Apart from the images, output the data below exactly.

** DATA FOR THE TASK follows **

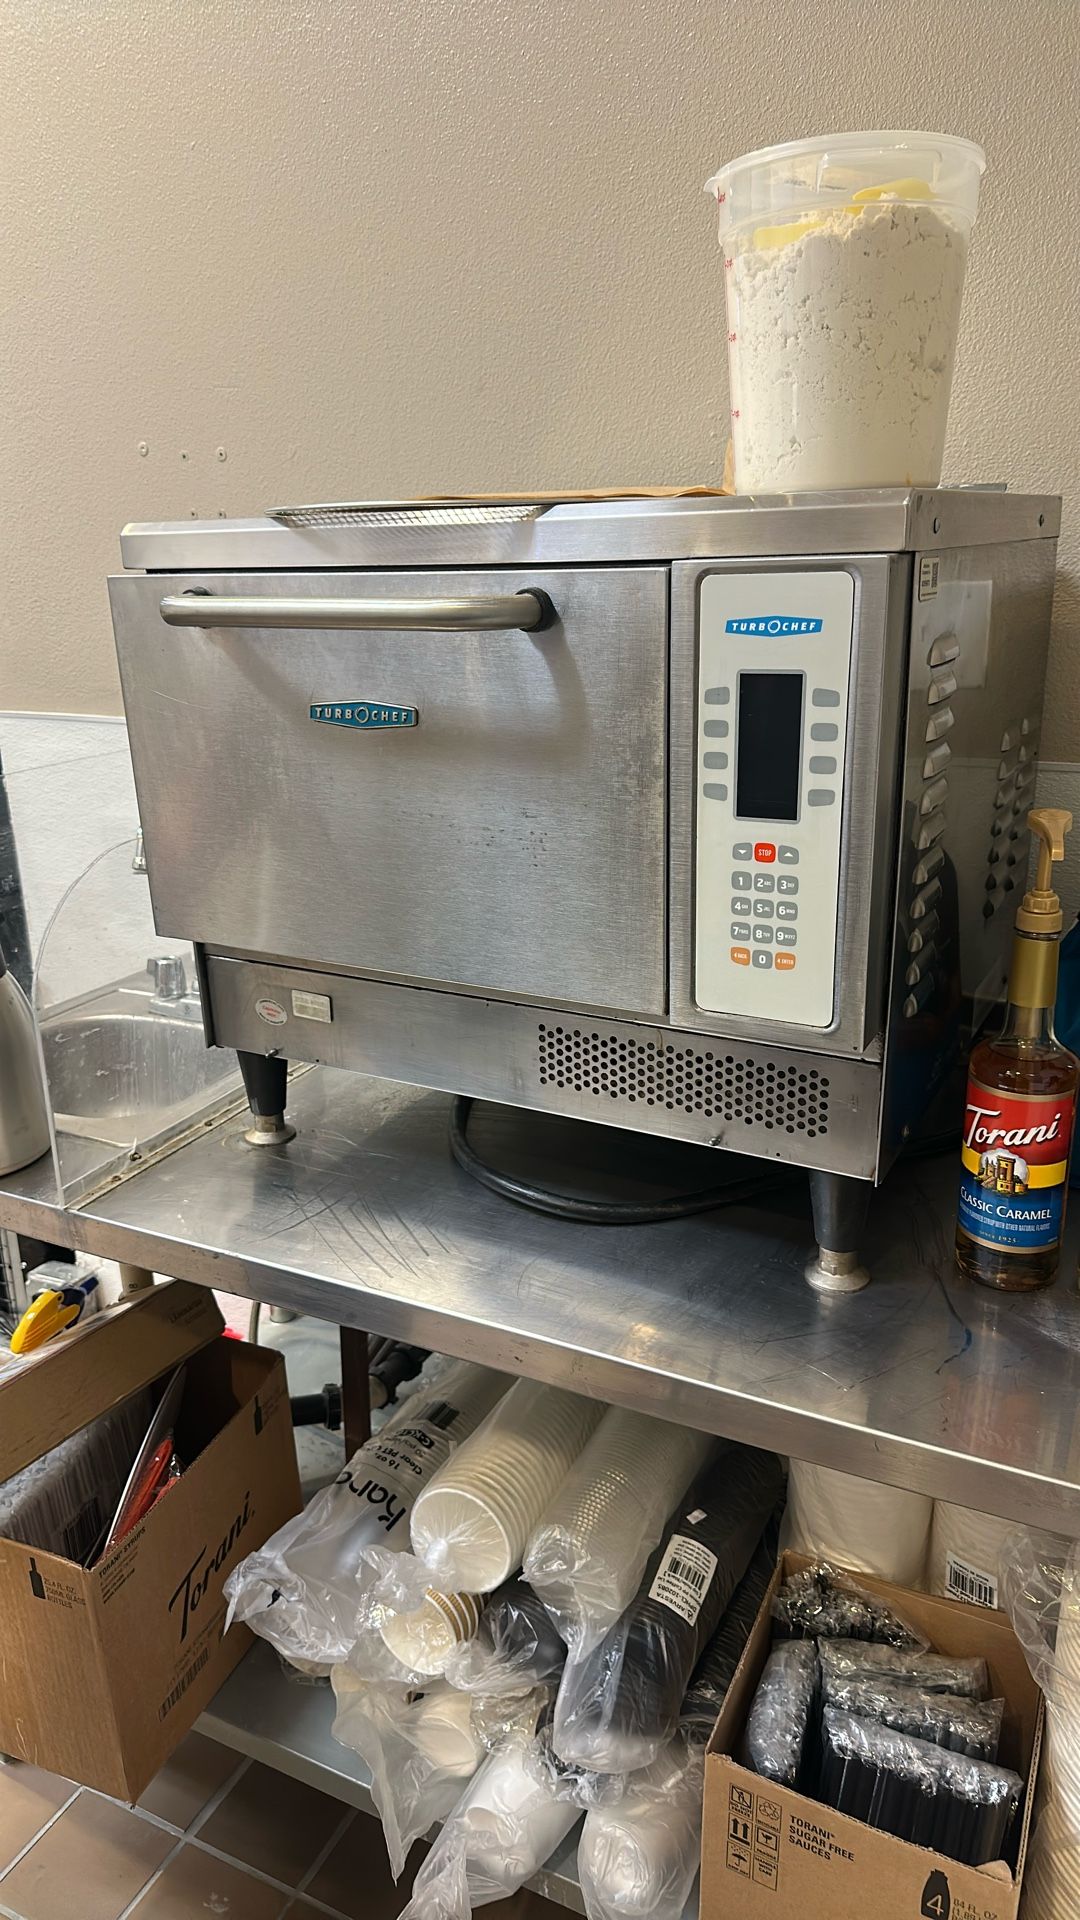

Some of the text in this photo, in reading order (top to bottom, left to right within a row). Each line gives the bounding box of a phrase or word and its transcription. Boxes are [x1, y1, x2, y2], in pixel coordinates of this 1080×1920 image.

[731, 619, 816, 634] TURBOCHEF
[315, 706, 408, 724] TURBOCHEF
[758, 848, 772, 857] STOP
[738, 876, 744, 886] 1
[756, 878, 764, 888] 2
[780, 880, 787, 890] 3
[734, 902, 741, 911] 4
[756, 904, 763, 913] 5
[778, 906, 786, 916] 6
[732, 926, 739, 936] 7
[756, 930, 763, 939] 8
[777, 932, 784, 940] 9
[758, 954, 766, 964] 0
[966, 1103, 1061, 1148] Torani
[960, 1186, 994, 1214] CLASSIC
[996, 1206, 1052, 1220] CARAMEL
[382, 1446, 400, 1457] PET
[388, 1460, 400, 1470] 16
[400, 1454, 422, 1475] Clear
[168, 1490, 250, 1644] Torani
[656, 1592, 686, 1612] ARVESTA
[788, 1834, 832, 1860] SAUCES
[789, 1824, 855, 1862] SUGAR FREE
[926, 1894, 944, 1916] 4

** End of DATA FOR THE TASK **

= PROBLEM SOLUTION =
Some of the text in this photo, in reading order (top to bottom, left to right within a row). Each line gives the bounding box of a phrase or word and its transcription. Boxes are [x1, y1, x2, y2], in pixel coordinates of this 1080×1920 image.

[731, 619, 816, 634] TURBOCHEF
[315, 706, 408, 724] TURBOCHEF
[758, 848, 772, 857] STOP
[738, 876, 744, 886] 1
[756, 878, 764, 888] 2
[780, 880, 787, 890] 3
[734, 902, 741, 911] 4
[756, 904, 763, 913] 5
[778, 906, 786, 916] 6
[732, 926, 739, 936] 7
[756, 930, 763, 939] 8
[777, 932, 784, 940] 9
[758, 954, 766, 964] 0
[966, 1103, 1061, 1148] Torani
[960, 1186, 994, 1214] CLASSIC
[996, 1206, 1052, 1220] CARAMEL
[382, 1446, 400, 1457] PET
[388, 1460, 400, 1470] 16
[400, 1454, 422, 1475] Clear
[168, 1490, 250, 1644] Torani
[656, 1592, 686, 1612] ARVESTA
[788, 1834, 832, 1860] SAUCES
[789, 1824, 855, 1862] SUGAR FREE
[926, 1894, 944, 1916] 4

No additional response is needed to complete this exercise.